Exercise directions
Reproduce the whole listing exactly and let no picture into the copy.

Source material

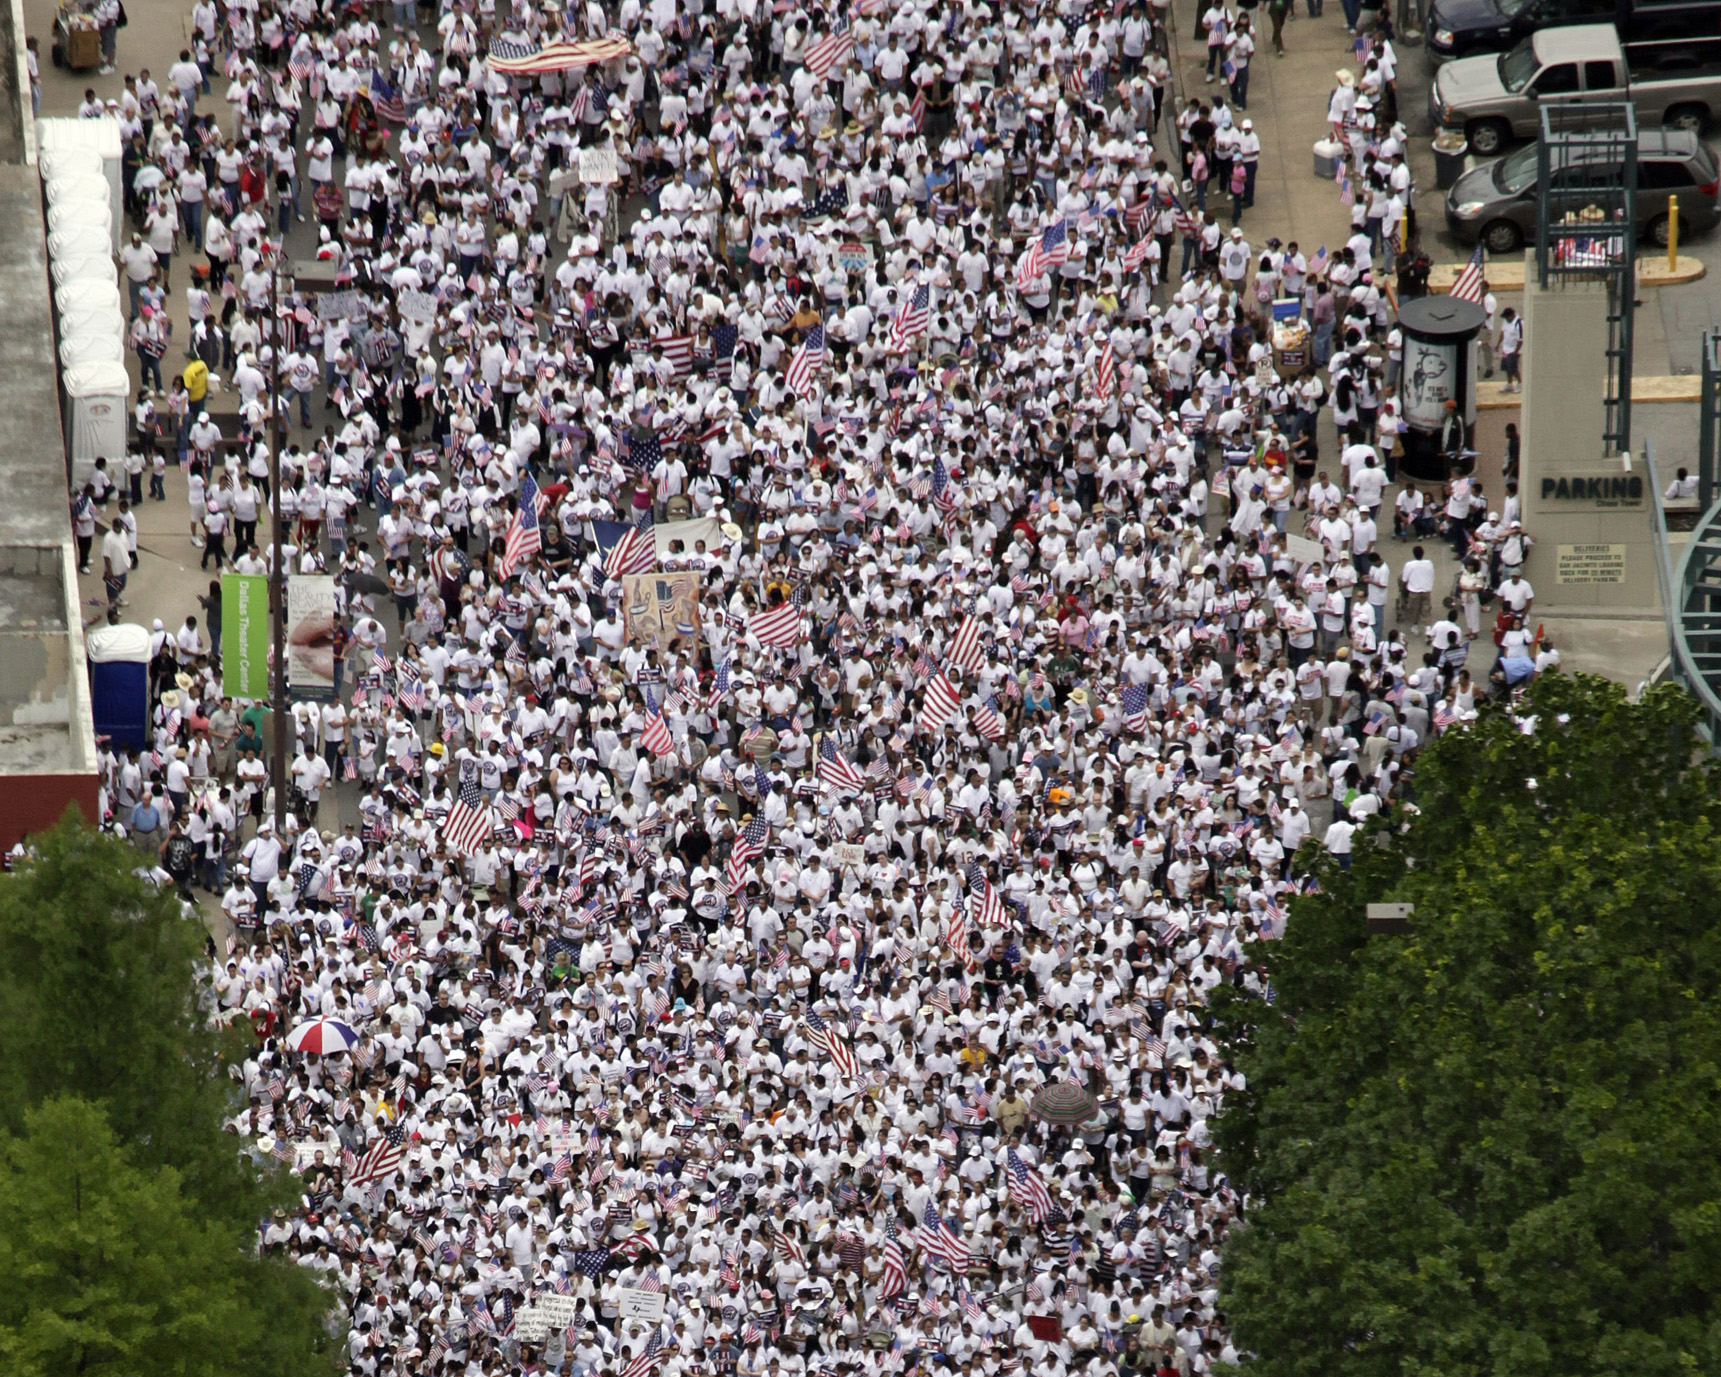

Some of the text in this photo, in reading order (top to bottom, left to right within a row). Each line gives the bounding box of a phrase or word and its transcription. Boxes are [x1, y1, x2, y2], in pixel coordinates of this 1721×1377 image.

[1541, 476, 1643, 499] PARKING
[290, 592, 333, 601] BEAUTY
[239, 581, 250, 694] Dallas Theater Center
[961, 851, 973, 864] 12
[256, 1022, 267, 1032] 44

The answer
Some of the text in this photo, in reading order (top to bottom, left to right within a row). Each line gives the bounding box of a phrase or word and its transcription. Boxes are [x1, y1, x2, y2], in pixel coordinates of this 1721×1377 image.

[1541, 476, 1643, 499] PARKING
[290, 592, 333, 601] BEAUTY
[239, 581, 250, 694] Dallas Theater Center
[961, 851, 973, 864] 12
[256, 1022, 267, 1032] 44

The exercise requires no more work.